=== Assignment ===
Please output the following records exactly. Leave every image out.

:::::

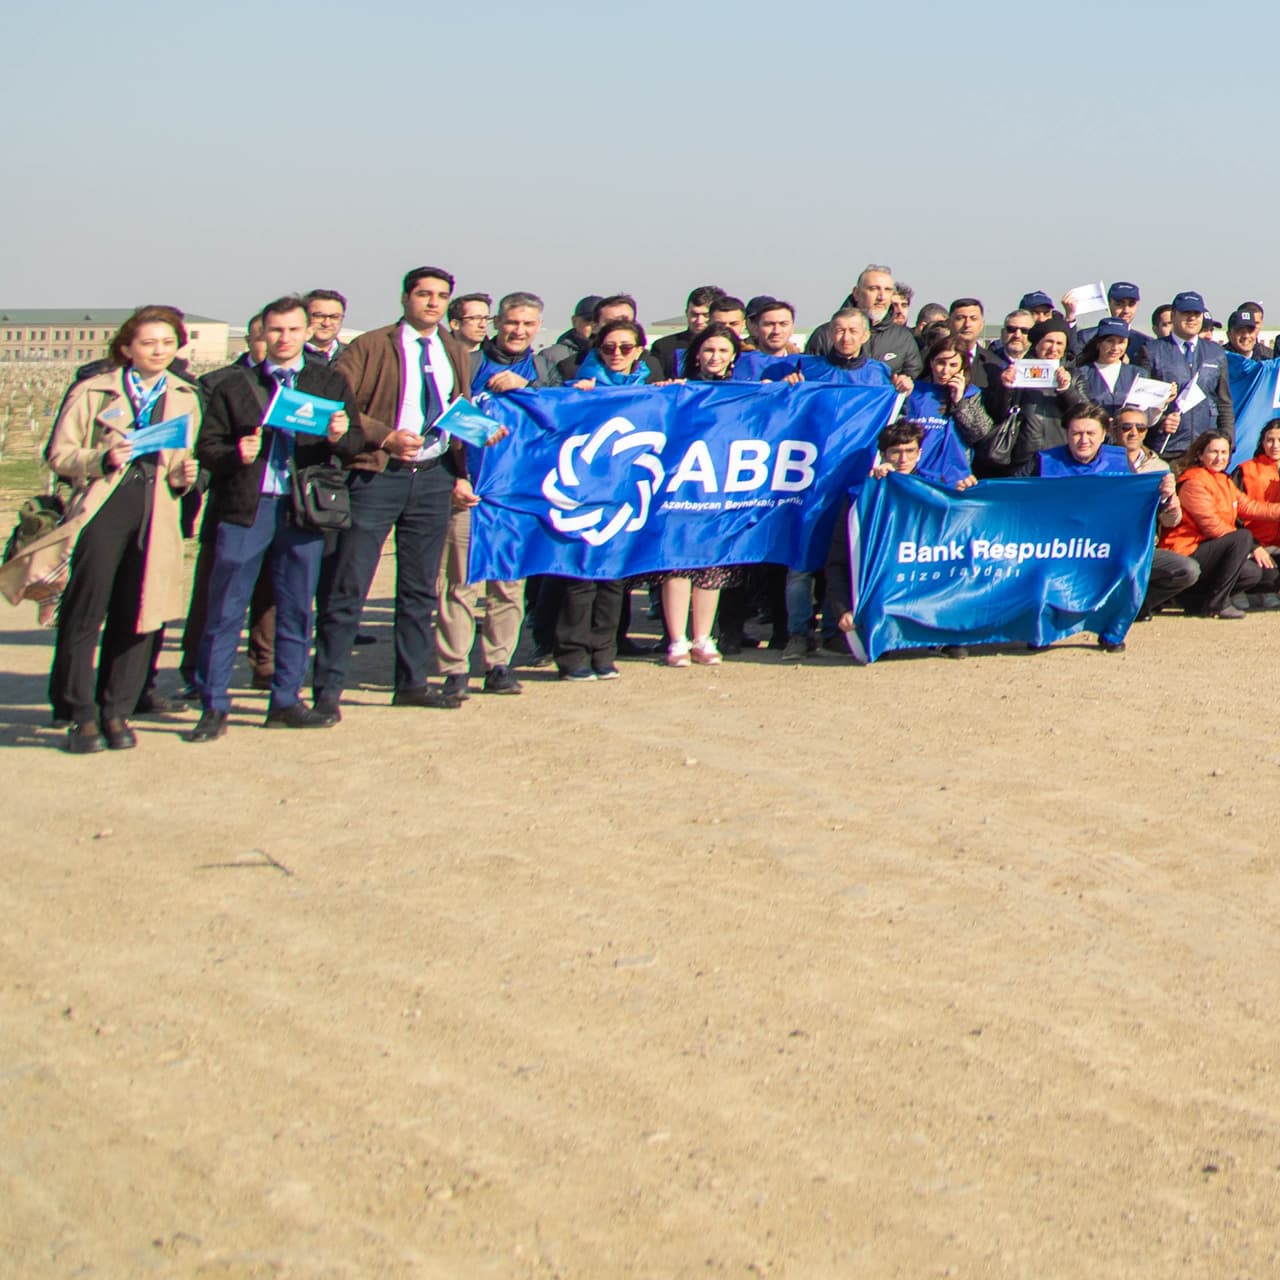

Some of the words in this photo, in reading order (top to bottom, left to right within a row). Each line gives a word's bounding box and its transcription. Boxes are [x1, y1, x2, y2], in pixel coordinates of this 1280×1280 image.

[665, 439, 819, 494] ABB
[662, 500, 722, 512] Azərbaycan
[897, 539, 966, 564] Bank
[971, 537, 1112, 564] Respublika
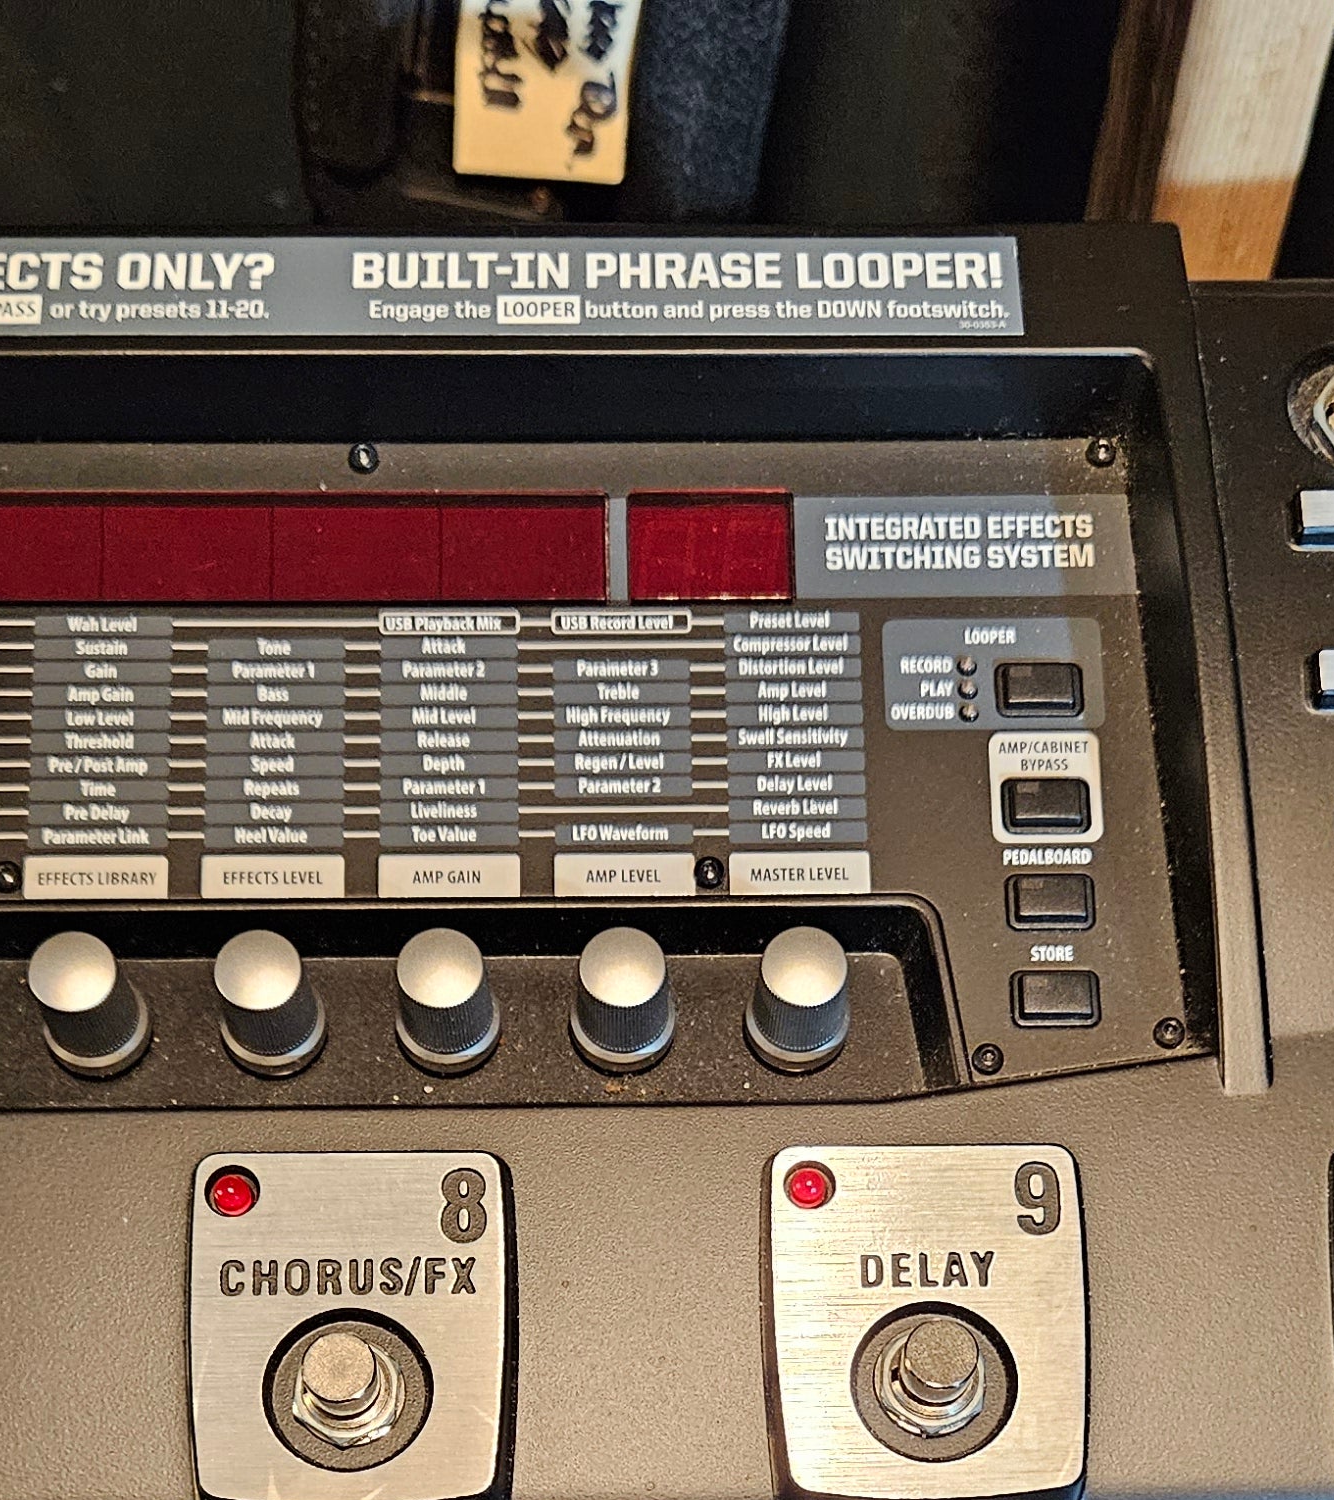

:::::

=== Answer to this exercise ===
Some of the words in this photo, in reading order (top to bottom, left to right within a row). Each line gives a word's bounding box and its transcription. Boxes are [x1, y1, x2, y2], in pixel coordinates of this 1280×1280 image.

[665, 439, 819, 494] ABB
[662, 500, 722, 512] Azərbaycan
[897, 539, 966, 564] Bank
[971, 537, 1112, 564] Respublika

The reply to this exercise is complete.